Kenyans should expect return of El Niño deluge

The UN update report released last week predicted excessive rainfall and possible flooding in East Africa and Near East Asia


• Wet, Wetter, wettest, brace for it.

• El Niño is the opposite of La Niña

Image: Commons Wikimedia

Kenya is among 20 countries at risk of the deluge effects of El Niño.

That's the prediction of the Global Information and Early Warning System update by the Food and Agriculture Organisation.

Countries at risk of excessive rainfall include Kenya, Afghanistan, Argentina, Armenia, Azerbaijan, Bhutan, Iran, Iraq, Kazakhstan, Kyrgyzstan, Mexico, Pakistan, Paraguay, Syria, Tajikistan, Turkey. Turkmenistan, United States, Uruguay and Uzbekistan.

The highlights showed that the El Niño oceanographic phenomenon is likely to return in June 2023, following three years of La Niña.

The UN update report released last week predicted excessive rainfall and possible flooding in East Africa and Near East Asia.

Weather forecasts pointed to a transition to an El Niño state in the second half of 2023. “Rainfall patterns during El Niño events tend to be the reverse of La Nina. For example, in East Africa and Near East Asian countries, there is a tendency for wetter conditions,” the FAO early warning update said.

This is the first mention by the Kenya Meteorological Department forecast of El Niño, which last occurred in 2015-2016.

The five-day weather forecast for this week shows rainfall is likely to continue over several parts of the country.

“However, rainfall amounts and spatial coverage are likely to reduce. There will be isolated episodes of heavy rainfall over some parts of Highlands East and West of the Rift Valley, the Lake Victoria Basin, the Rift Valley, Coast and Northwestern Kenya,” the forecast said.

The Intergovernmental Authority on Development's (Igad's) Climate Prediction and Applications Centre says the greatest impact of El Niño in the Horn of Africa is mostly felt during the short rains, which begin in October.

The Igad states are  Djibouti, Ethiopia, Kenya, Somalia, South Sudan, Sudan, and Uganda (Eritrea is currently inactive), and is based in Djibouti.

“There is a strong association between a canonical El Niño and a wet Greater Horn of Africa short rains,” Igad says.

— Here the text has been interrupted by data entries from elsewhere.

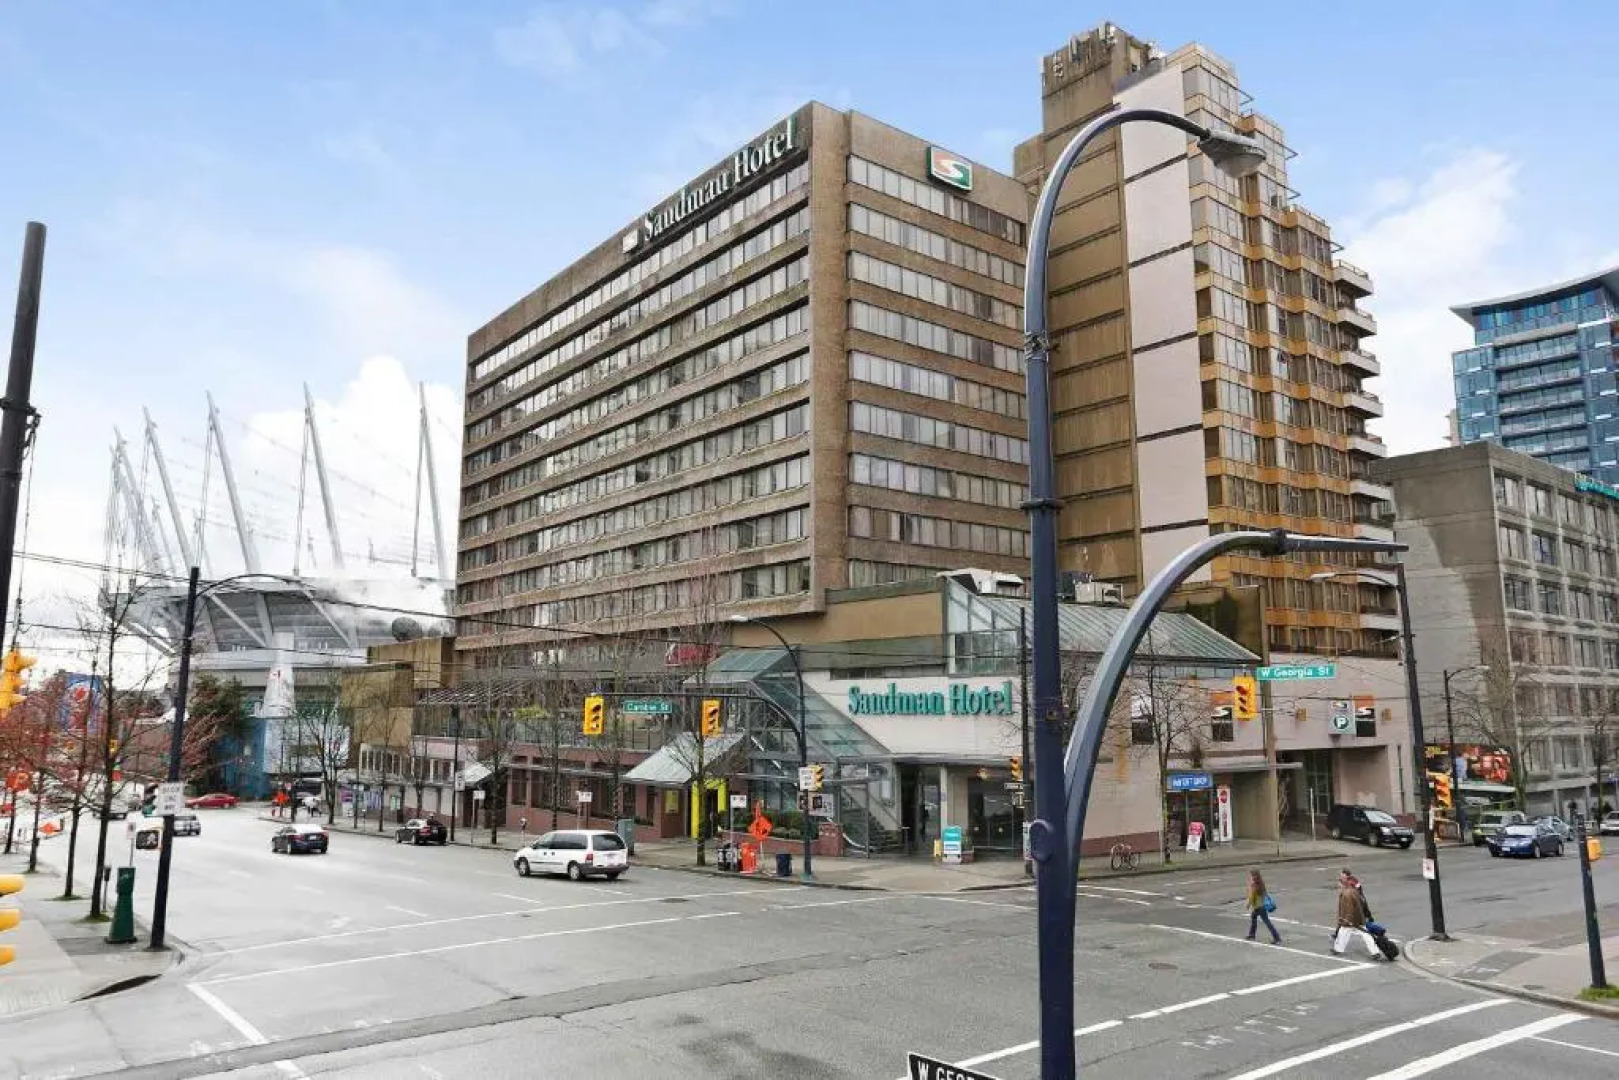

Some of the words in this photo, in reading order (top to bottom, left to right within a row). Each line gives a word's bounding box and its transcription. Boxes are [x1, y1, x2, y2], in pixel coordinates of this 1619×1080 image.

[645, 168, 732, 241] Sandman
[735, 116, 797, 183] Hotel
[1261, 667, 1270, 678] W
[1274, 666, 1313, 679] Georgia
[1318, 666, 1329, 676] St
[849, 682, 945, 716] Sandman
[949, 680, 1017, 716] Hotel
[1337, 717, 1346, 728] P

The FAO Global Information and Early Warning System report indicated that in El Niño-induced dry weather countries, there will be an adverse impact on cereal production in 2023-24. This will potentially aggravate local food insecurity.

FAO said the El Niño oceanographic phenomenon is a key driver of extreme weather events that pose high risks to global food security.

The report indicated that already in 2022, the number of people facing acute food insecurity was projected to reach 222 million in 53 countries/territories. This is the highest level on record, according to the latest Hunger Hotspots report.

“The escalation in food insecurity is a consequence of the combined effects of conflicts, economic shocks and weather extremes,” the FAO report read.

It recommended distribution of farming tools and seeds of drought-tolerant crop varieties well in advance of planting seasons. Distribution of feed and provision of animal health support, with particular emphasis on chemicals to ensure a regular dipping regime and appropriate vaccination of livestock.

FAO also recommended rehabilitation of irrigation intakes, canals and other water points; promotion of capacity development and support to farmers on water-harvesting techniques; developing capacity of farmers and providing support on post-harvest management and processing to minimise losses.

It further called for “Provision of cash for work to facilitate support for the rapid construction/reinforcement of community infrastructures such as evacuation centres for livestock, water drainage systems and provision of unconditional cash transfers between the forecast hazard and the peak of its effects on local population.”